The state estimation unit 12 receives the measurement result from the electrocardiographic measurement unit 11 and estimates the state of the subject based on the received measurement result. For example, the state estimation unit 12 includes a heartbeat characteristic amount calculation unit 121, a respiratory characteristic amount estimation unit 122, a state determination unit 123, a respiratory characteristic amount estimation data recording unit 124, and a state determination data recording unit 125. The functions of the heartbeat characteristic amount calculation unit 121, the respiratory characteristic amount estimation unit 122, the state determination unit 123, the respiratory characteristic amount estimation data recording unit 124, and the state determination data recording unit 125 are, for example, stored in a memory by a processor. It is realized by reading and executing the existing program. Note that some or all of these functions may be realized by a circuit such as an application specific integrated circuit (ASIC).

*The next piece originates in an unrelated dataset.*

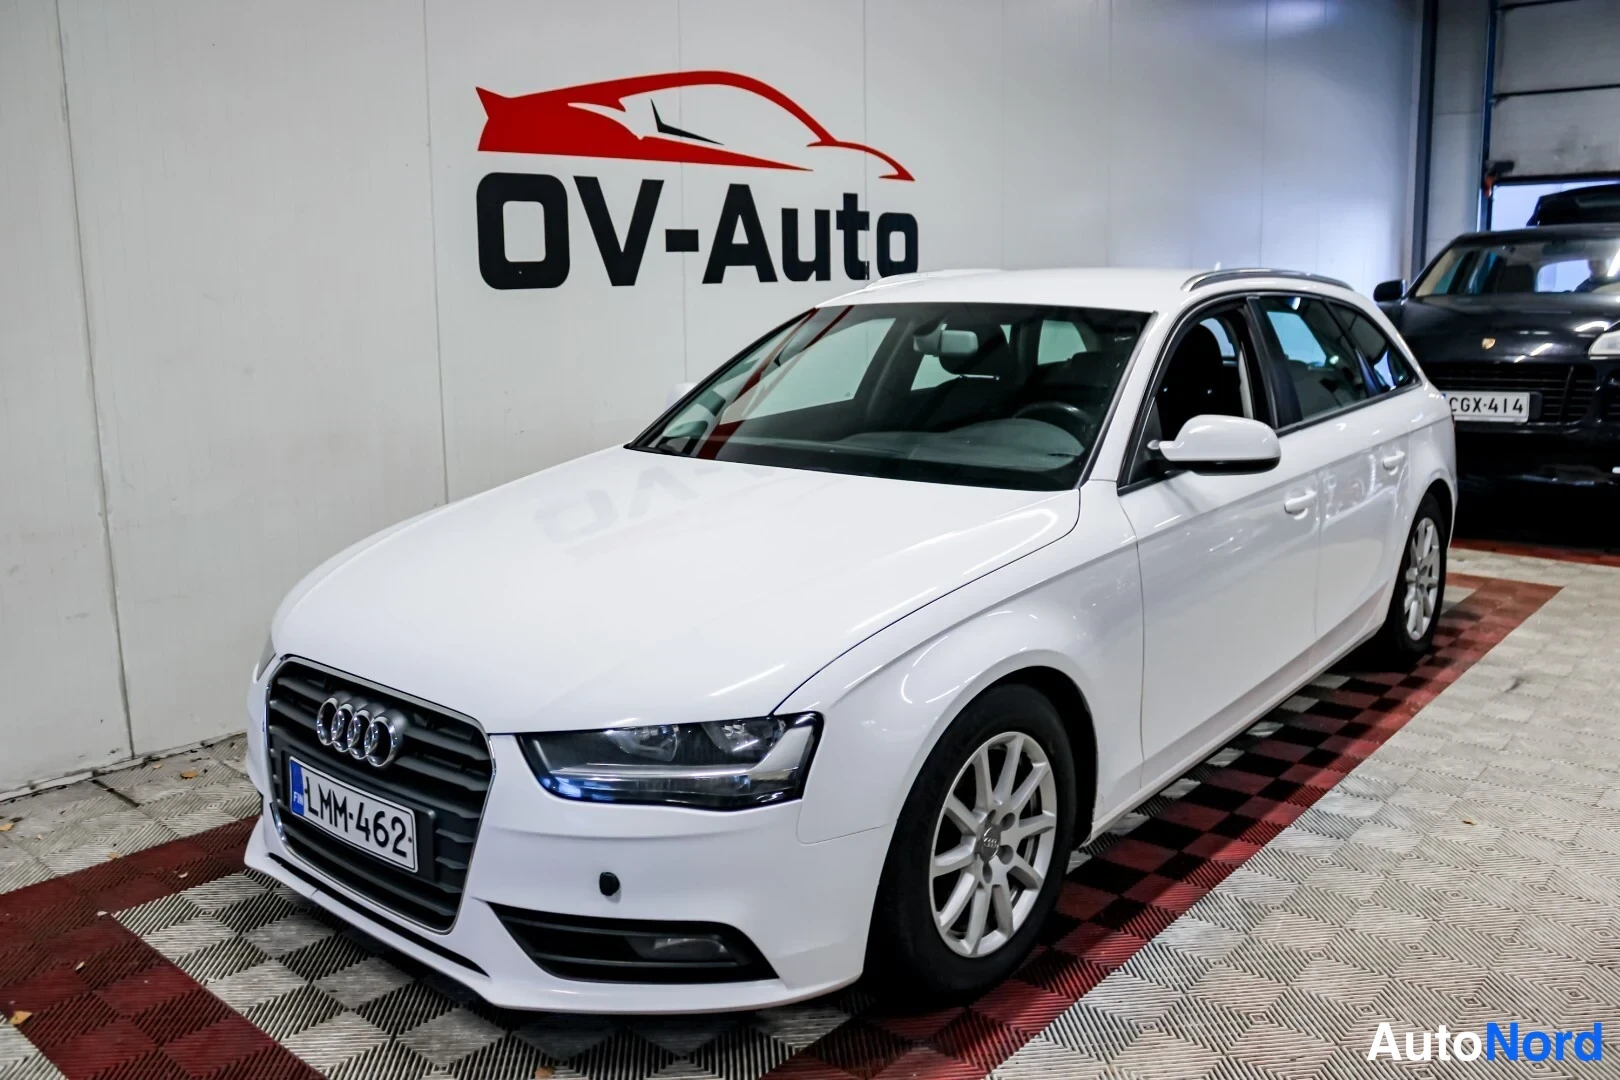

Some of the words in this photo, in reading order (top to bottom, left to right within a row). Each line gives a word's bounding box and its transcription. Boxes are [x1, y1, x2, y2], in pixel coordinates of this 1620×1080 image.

[476, 172, 919, 290] OV-Auto
[1449, 397, 1523, 414] CGX-414
[305, 776, 408, 858] LMM-462

The heartbeat feature amount calculation unit 121 calculates the heartbeat feature amount HRV _LF and HRV _HF based on the measurement result from the electrocardiographic measurement unit 11. For example, the heartbeat characteristic amount calculation unit 121 extracts an R wave from the measurement result, calculates an instantaneous heartbeat (RRI) that is an interval between adjacent R waves, and thereby generates RRI time-series data. Then, the heartbeat characteristic amount calculation unit 121 performs frequency spectrum analysis on the time series data of RRI to calculate HRV _LF and HRV _HF . In order to improve the calculation accuracy of HRV _LF and HRV _HF , processing such as exclusion of abnormal values may be executed before calculation of the heartbeat characteristic amount. Further, as the calculation method used in the frequency spectrum analysis, any method such as a periodogram or an autoregressive model may be used as long as the same analysis method is used for calculating HRV _LF and HRV _HF . As an example, the heartbeat characteristic amount calculation unit 121 calculates the power spectral density using an autoregressive model, calculates the integrated value of the power over the frequency range from 0.05 Hz to 0.15 Hz as HRV _LF , and calculates it as 0.15 Hz. the integrated value of the power over the frequency range of up to 0.40Hz from calculated as _{HRV HF.}

The respiratory feature amount estimation unit 122 estimates the respiratory feature amount based on the heartbeat feature amount calculated by the heartbeat feature amount calculation unit 121. For example, the respiratory feature amount estimation unit 122 receives the data (respiratory feature amount estimation data) necessary for estimating the respiratory feature amount from the respiratory feature amount estimation data recording unit 124, and uses the respiratory feature amount estimation data. Then, the respiratory feature amount is estimated from the heartbeat feature amount. The processing by the respiratory feature amount estimation unit 122 may be any process as long as the respiratory feature amount can be estimated from the heartbeat feature amount. As an example, respiratory characteristic quantity estimating section 122 calculates a respiration characteristic amount _{RVV (LF, n)} using equation (2) generated by multiple regression analysis.
In this example, α, β, and γ correspond to the respiratory feature amount estimation data.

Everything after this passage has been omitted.